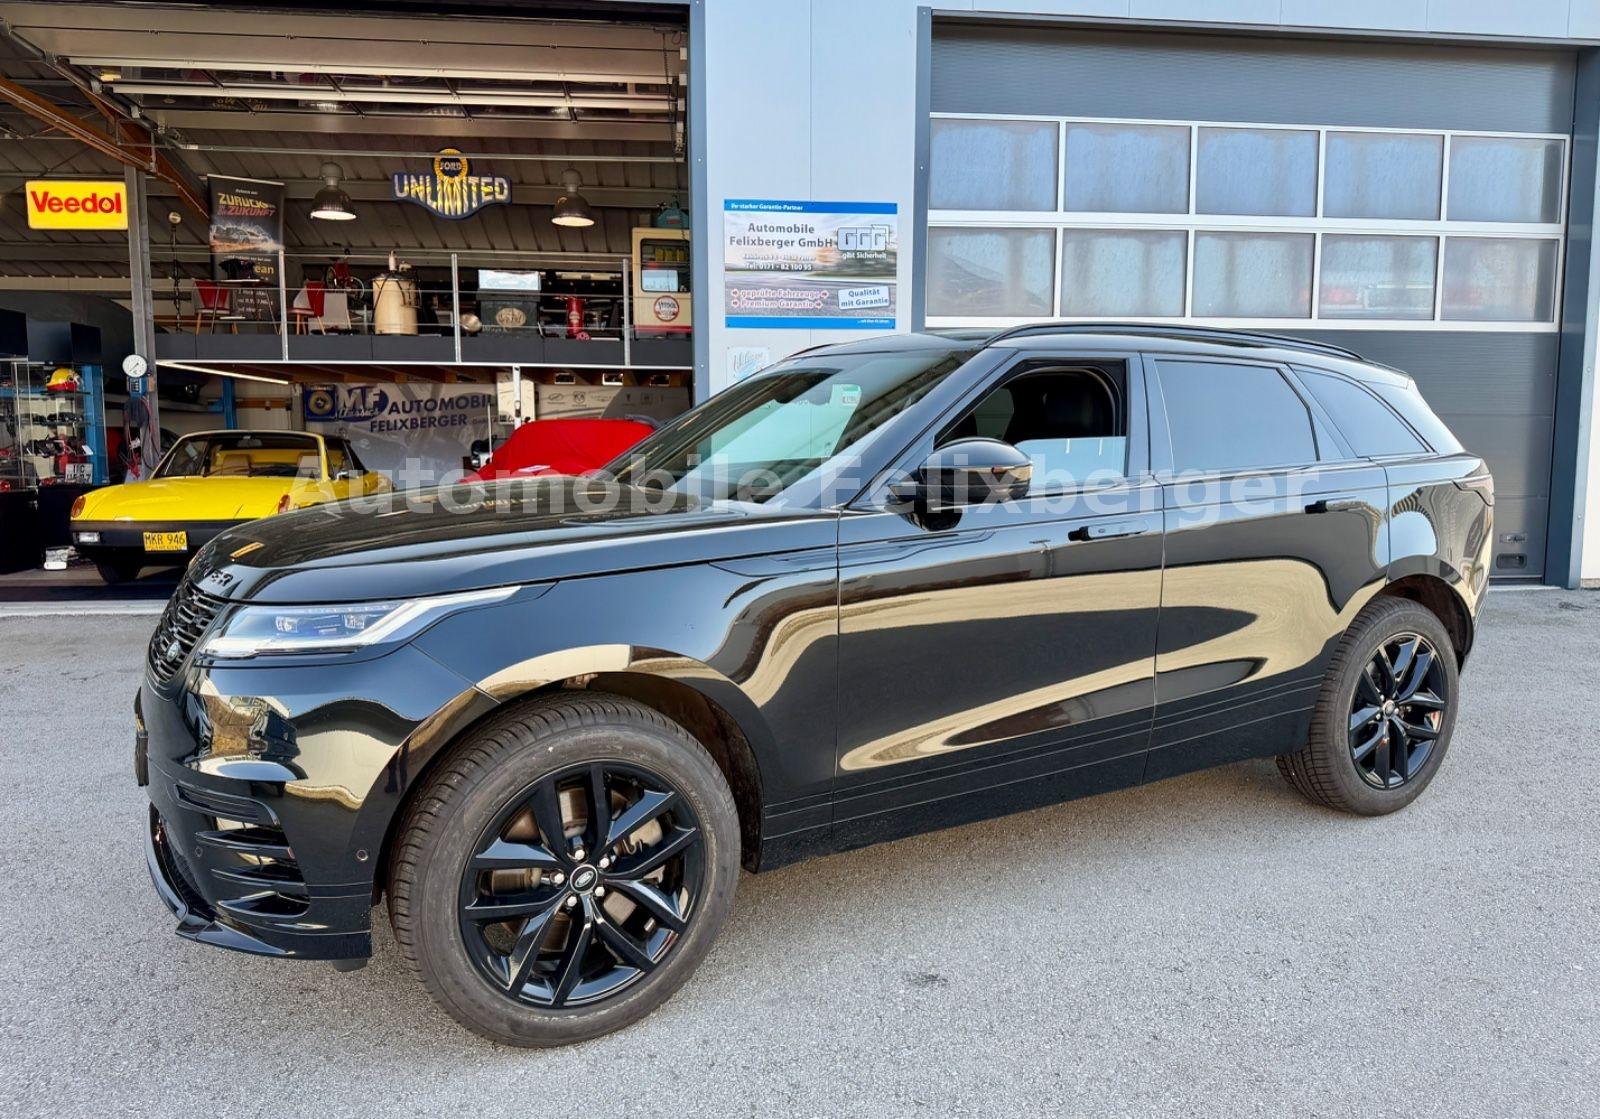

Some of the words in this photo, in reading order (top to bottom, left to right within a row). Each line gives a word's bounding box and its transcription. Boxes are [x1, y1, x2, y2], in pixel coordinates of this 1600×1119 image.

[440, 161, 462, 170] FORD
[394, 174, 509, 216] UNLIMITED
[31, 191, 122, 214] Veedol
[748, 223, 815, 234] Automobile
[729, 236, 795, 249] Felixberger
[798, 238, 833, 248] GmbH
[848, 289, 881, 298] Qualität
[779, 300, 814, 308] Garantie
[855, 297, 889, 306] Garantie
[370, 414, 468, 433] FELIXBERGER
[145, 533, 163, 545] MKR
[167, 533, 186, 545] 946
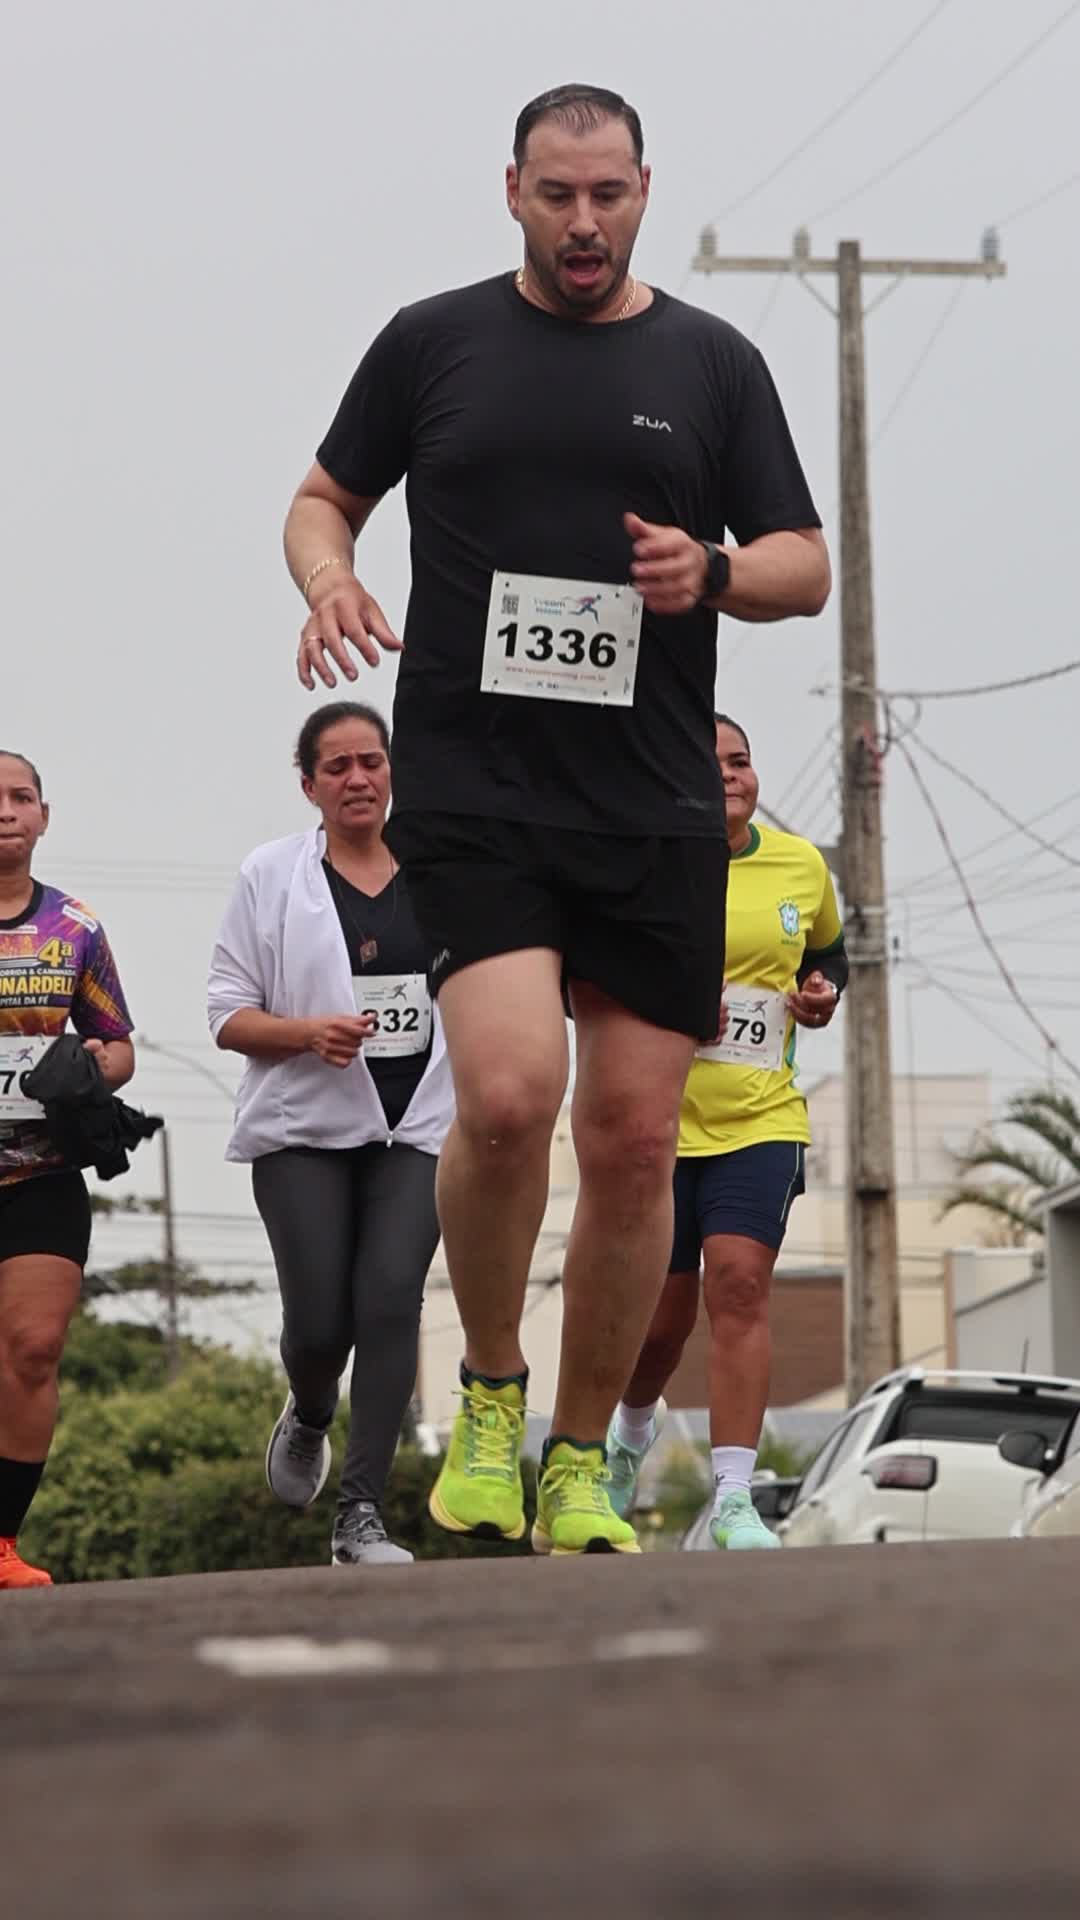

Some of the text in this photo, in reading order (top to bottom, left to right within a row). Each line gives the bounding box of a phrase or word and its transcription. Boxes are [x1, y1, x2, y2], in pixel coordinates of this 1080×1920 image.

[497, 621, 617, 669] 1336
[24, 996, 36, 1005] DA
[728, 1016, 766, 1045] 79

┄┄┄┄┄┄┄┄┄┄┄┄┄┄┄┄┄┄┄┄

- [Assignment]
Copy exactly the lines of the listing above, beginning at the line with "Some of the text" and ending at its final line; write out nothing else.

- [Task result]
Some of the text in this photo, in reading order (top to bottom, left to right within a row). Each line gives the bounding box of a phrase or word and its transcription. Boxes are [x1, y1, x2, y2], in pixel coordinates of this 1080×1920 image.

[497, 621, 617, 669] 1336
[24, 996, 36, 1005] DA
[728, 1016, 766, 1045] 79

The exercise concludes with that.